THE INPUT:
====================

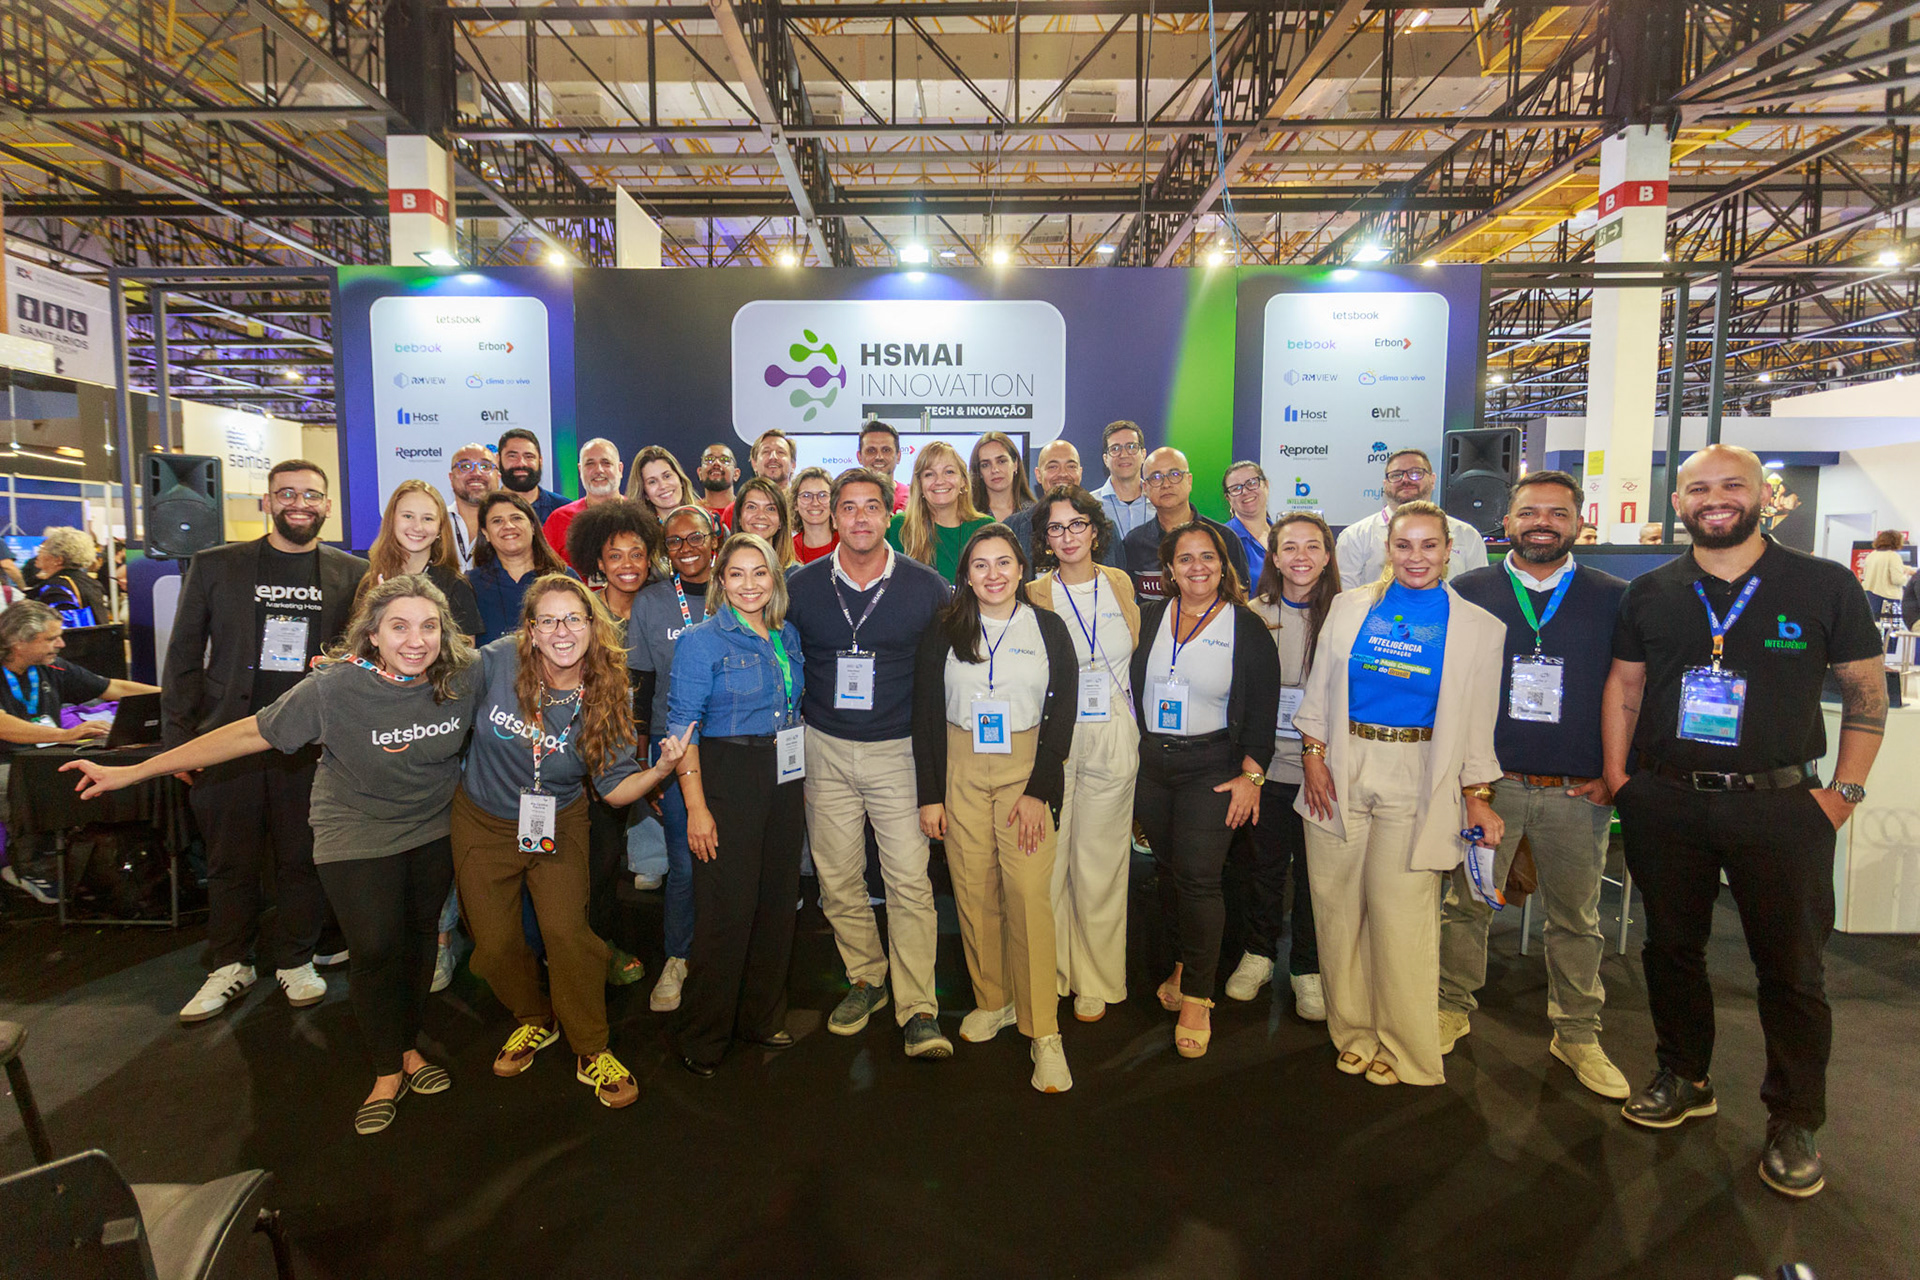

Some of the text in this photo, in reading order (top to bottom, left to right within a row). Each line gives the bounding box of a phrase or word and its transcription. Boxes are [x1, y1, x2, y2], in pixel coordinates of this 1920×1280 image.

[1639, 186, 1654, 202] B
[402, 193, 416, 210] B
[1605, 194, 1615, 212] B
[435, 199, 444, 217] B
[436, 315, 481, 324] letsbook
[1332, 311, 1379, 320] letsbook
[395, 343, 442, 353] bebook
[478, 342, 506, 351] Erbon
[1287, 339, 1336, 350] bebook
[1374, 338, 1403, 348] Erbon
[860, 343, 963, 366] HSMAI
[1379, 374, 1398, 382] clima
[860, 373, 1034, 398] INNOVATION
[412, 412, 439, 422] Host
[481, 409, 509, 421] evnt
[925, 404, 1026, 418] TECH & INOVAÇÃO
[1300, 409, 1328, 419] Host
[1371, 406, 1400, 418] evnt
[395, 447, 442, 460] Reprotel
[1280, 444, 1328, 457] Reprotel
[229, 454, 270, 470] samba
[266, 601, 303, 611] Marketing
[1203, 638, 1230, 648] myHotel
[1368, 636, 1422, 654] INTELIGÊNCIA
[1008, 648, 1036, 656] myHotel
[372, 716, 461, 746] letsbook
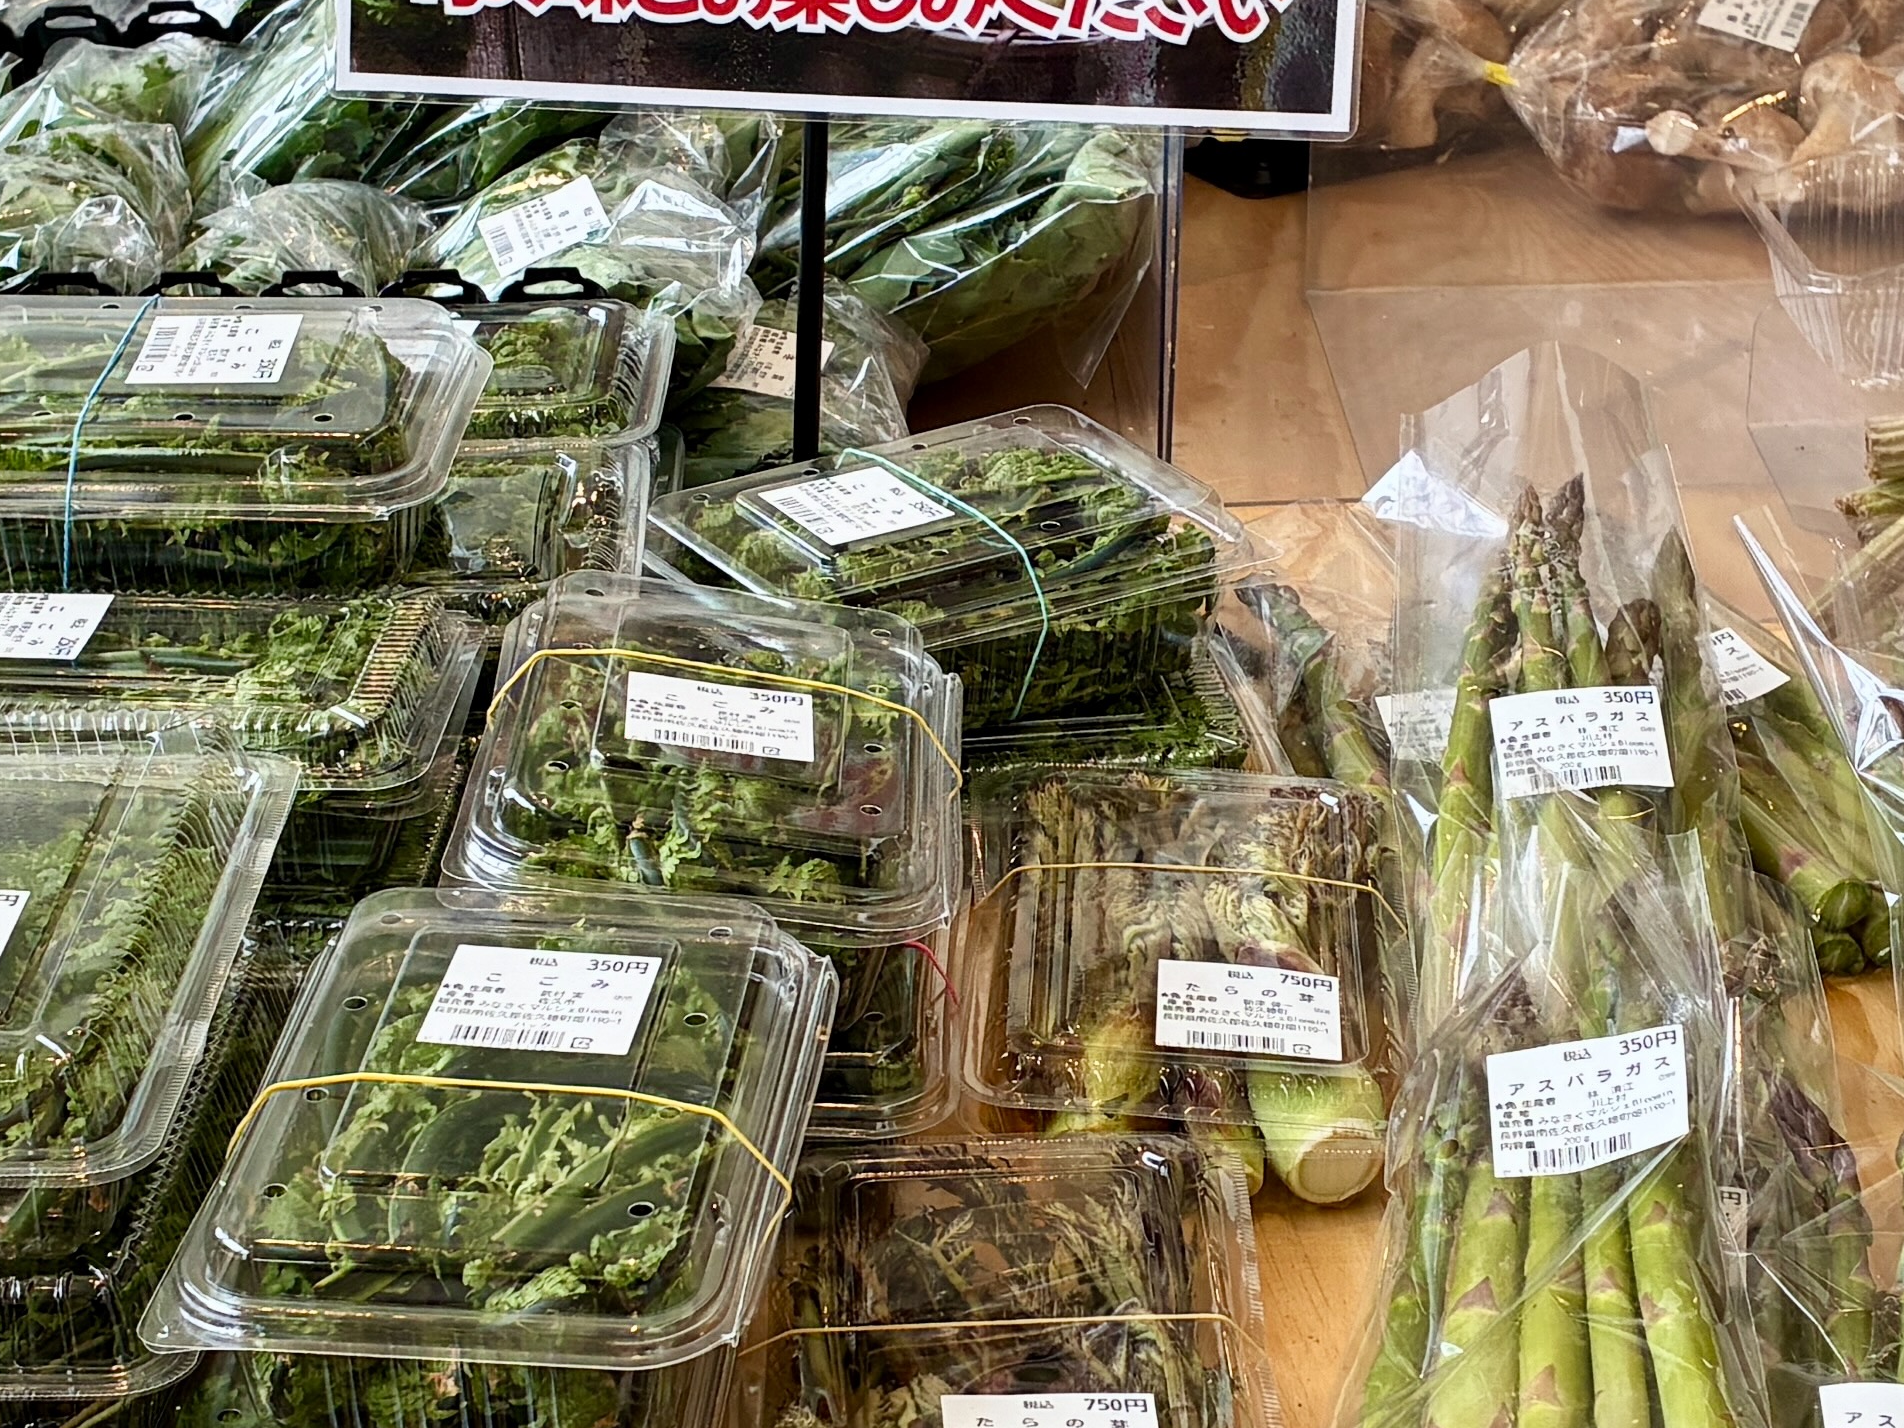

====================

PROBLEM TO SOLVE: Leave every picture out and output the records exactly.

ANSWER FOR THE TASK:
Some of the text in this photo, in reading order (top to bottom, left to right within a row). Each line gives the bounding box of a phrase or word and its transcription. Boxes are [x1, y1, x2, y2], in pixel coordinates of this 1920×1280 image.

[1639, 186, 1654, 202] B
[402, 193, 416, 210] B
[1605, 194, 1615, 212] B
[435, 199, 444, 217] B
[436, 315, 481, 324] letsbook
[1332, 311, 1379, 320] letsbook
[395, 343, 442, 353] bebook
[478, 342, 506, 351] Erbon
[1287, 339, 1336, 350] bebook
[1374, 338, 1403, 348] Erbon
[860, 343, 963, 366] HSMAI
[1379, 374, 1398, 382] clima
[860, 373, 1034, 398] INNOVATION
[412, 412, 439, 422] Host
[481, 409, 509, 421] evnt
[925, 404, 1026, 418] TECH & INOVAÇÃO
[1300, 409, 1328, 419] Host
[1371, 406, 1400, 418] evnt
[395, 447, 442, 460] Reprotel
[1280, 444, 1328, 457] Reprotel
[229, 454, 270, 470] samba
[266, 601, 303, 611] Marketing
[1203, 638, 1230, 648] myHotel
[1368, 636, 1422, 654] INTELIGÊNCIA
[1008, 648, 1036, 656] myHotel
[372, 716, 461, 746] letsbook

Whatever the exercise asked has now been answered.